• What needs to be done: Starting at the line that contains "this 1600×1200 image.", please transcribe every line through the end of the entries, exactly and with no pictures.

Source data
..........
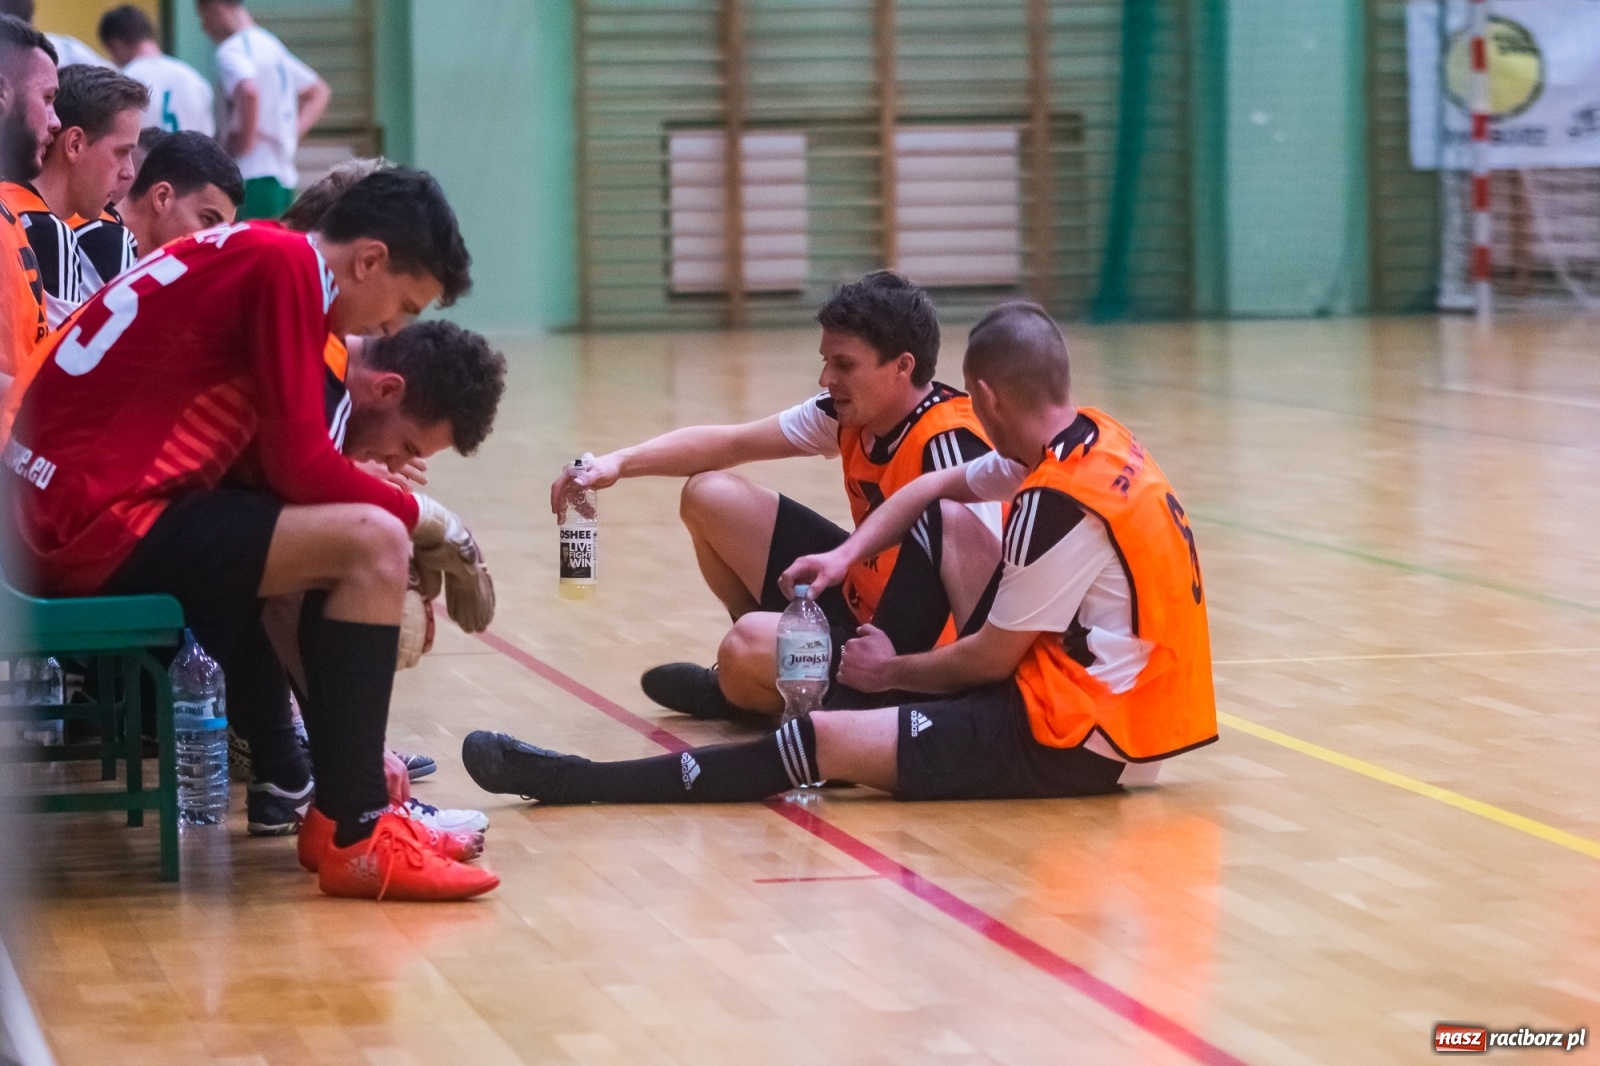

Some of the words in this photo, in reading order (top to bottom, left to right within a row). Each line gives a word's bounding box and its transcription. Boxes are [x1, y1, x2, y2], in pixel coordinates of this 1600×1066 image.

[569, 542, 591, 552] LIVE
[910, 710, 918, 737] adidas
[681, 752, 692, 791] adidas
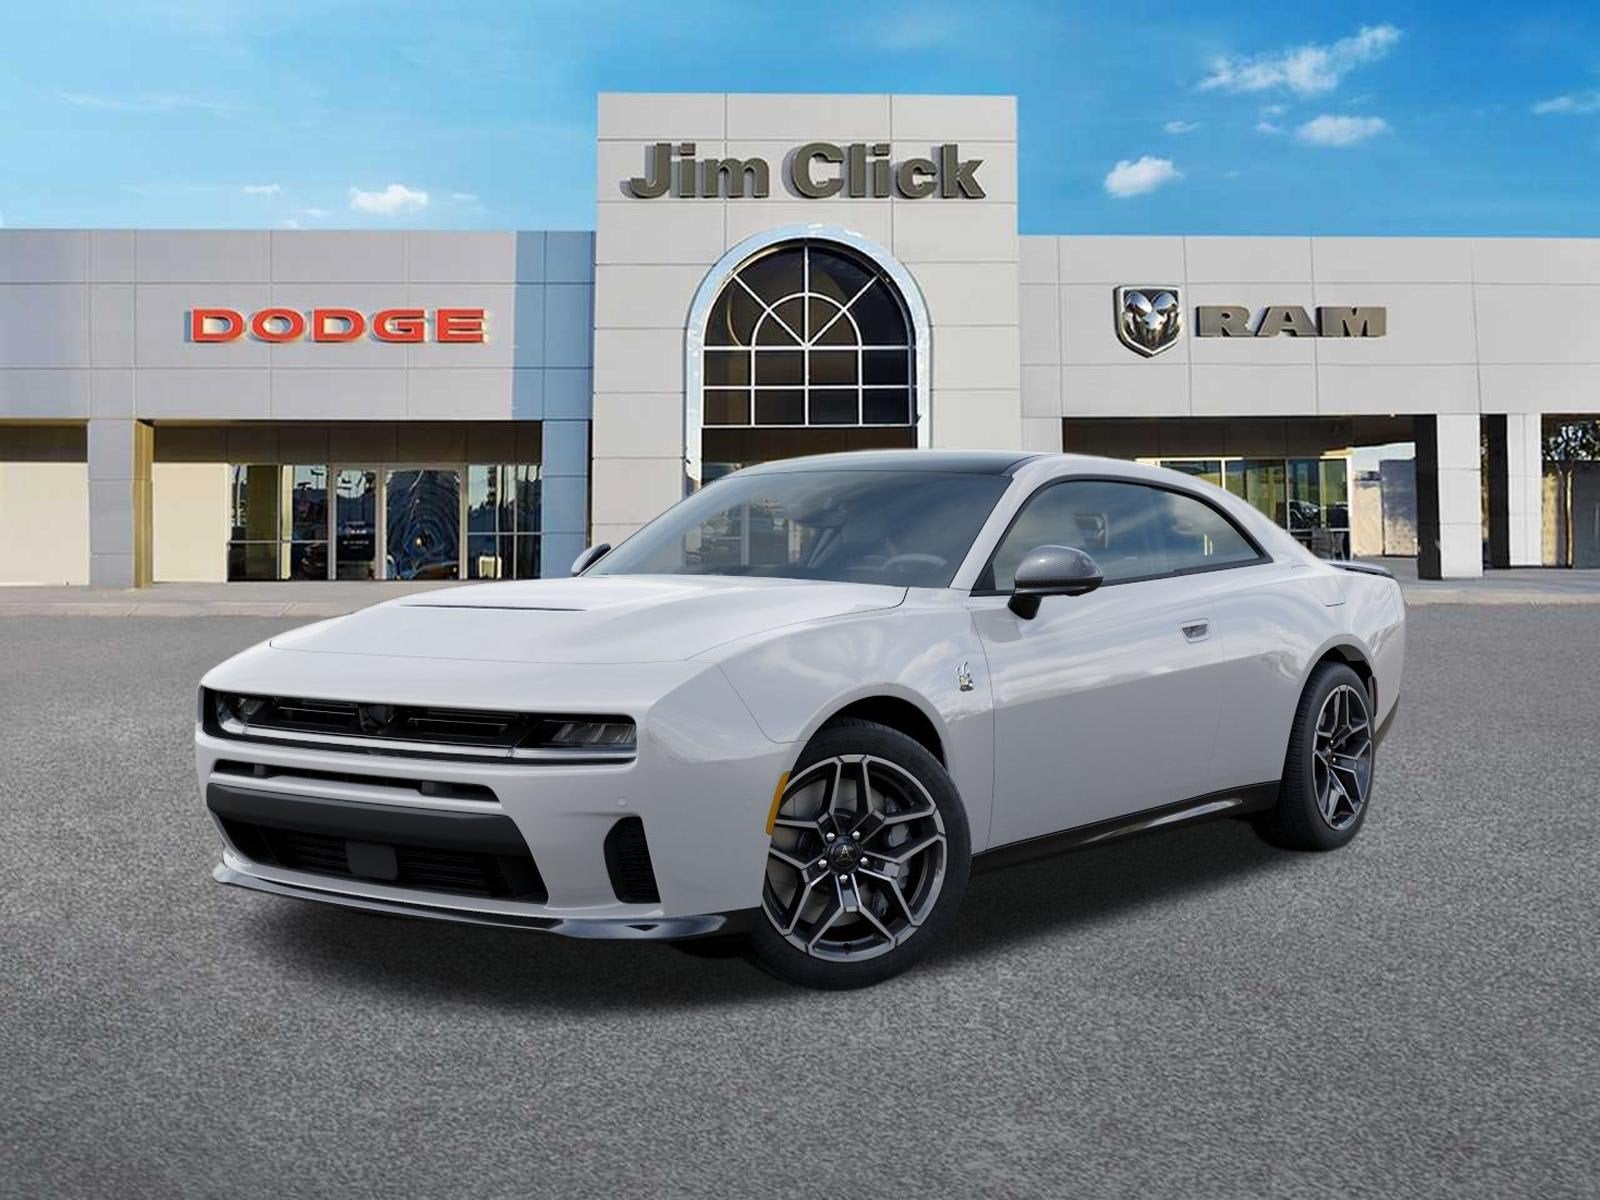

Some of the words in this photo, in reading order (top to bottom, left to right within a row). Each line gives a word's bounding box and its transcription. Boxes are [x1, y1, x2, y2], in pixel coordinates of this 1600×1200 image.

[622, 142, 769, 198] Jim
[785, 142, 986, 199] Click
[188, 307, 486, 343] DODGE
[1195, 305, 1387, 337] RAM
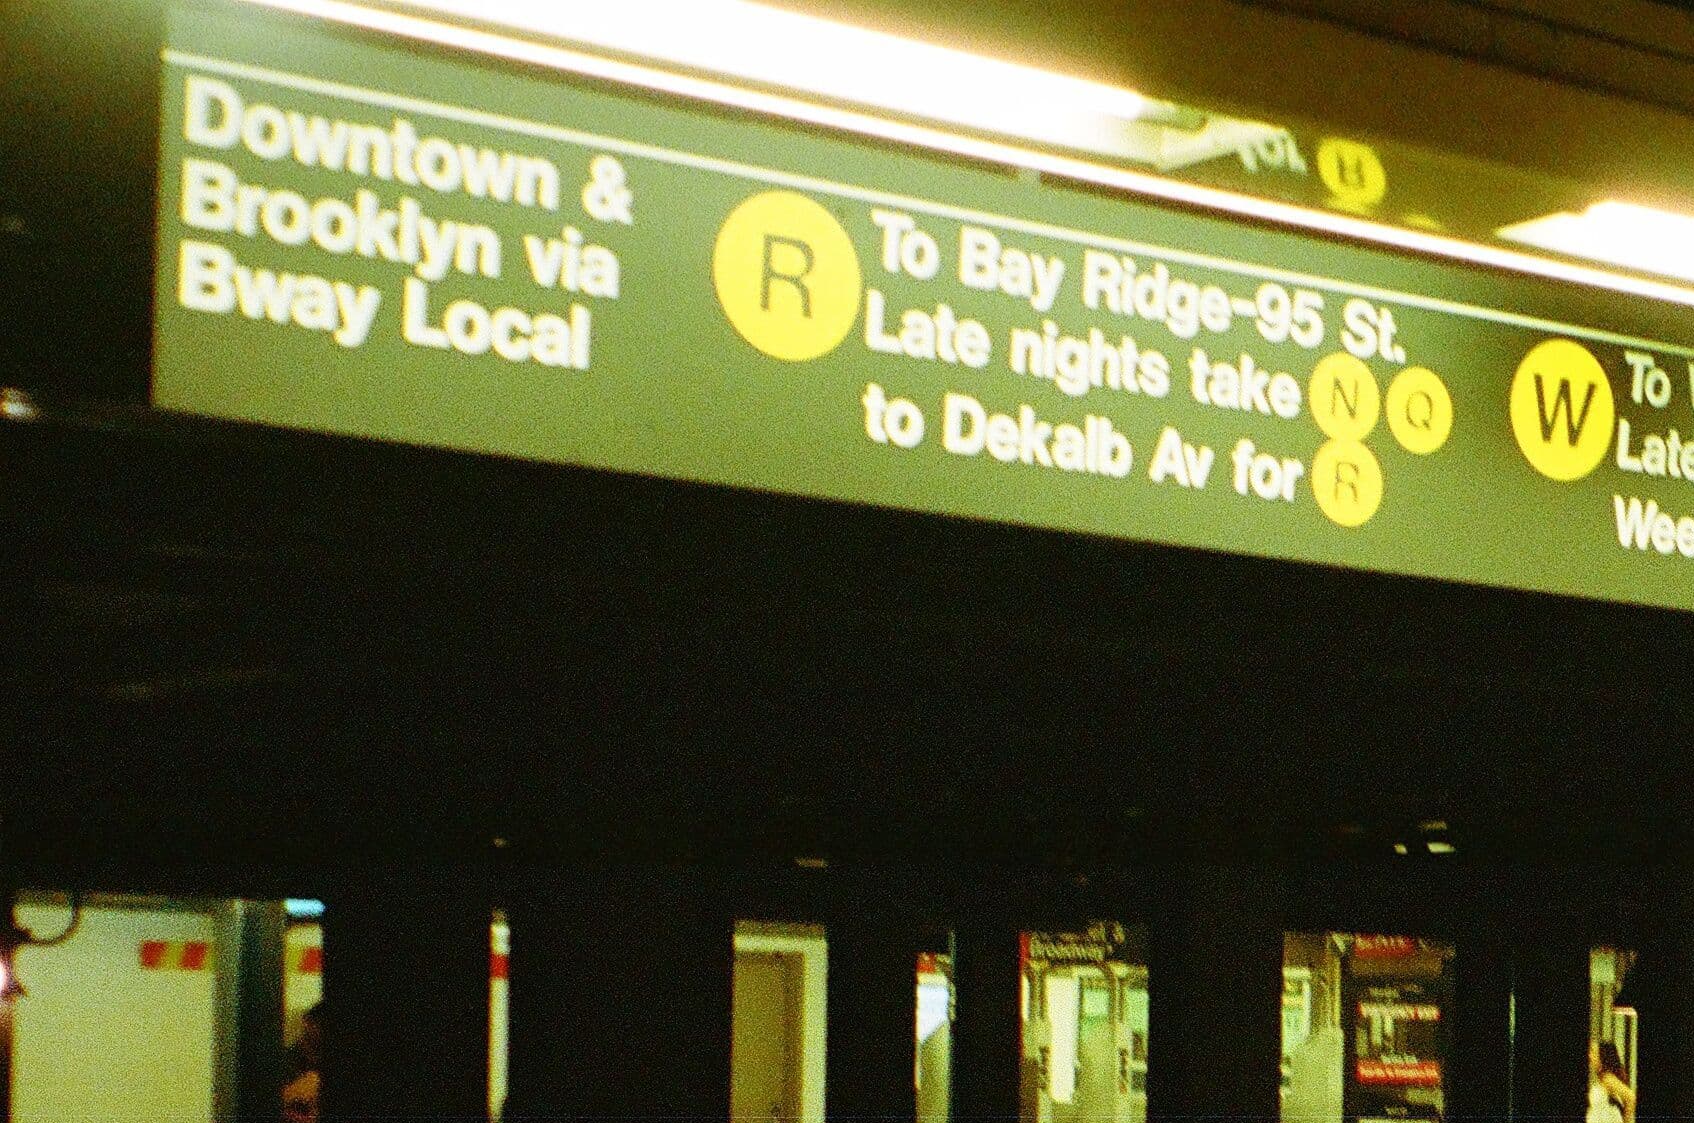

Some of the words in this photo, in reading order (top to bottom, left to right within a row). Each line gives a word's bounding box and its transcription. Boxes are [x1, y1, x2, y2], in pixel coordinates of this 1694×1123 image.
..........
• Result below:
Some of the words in this photo, in reading order (top to bottom, left to right within a row). Each line gives a word's bounding box and its transcription. Boxes are [x1, y1, x2, y2], in pixel coordinates of this 1600×1200 image.

[622, 142, 769, 198] Jim
[785, 142, 986, 199] Click
[188, 307, 486, 343] DODGE
[1195, 305, 1387, 337] RAM

Some of the words in this photo, in reading order (top to bottom, left to right within a row). Each line gives a word's bounding box and its transcription. Boxes are [x1, y1, x2, y2], in pixel coordinates of this 1694×1123 image.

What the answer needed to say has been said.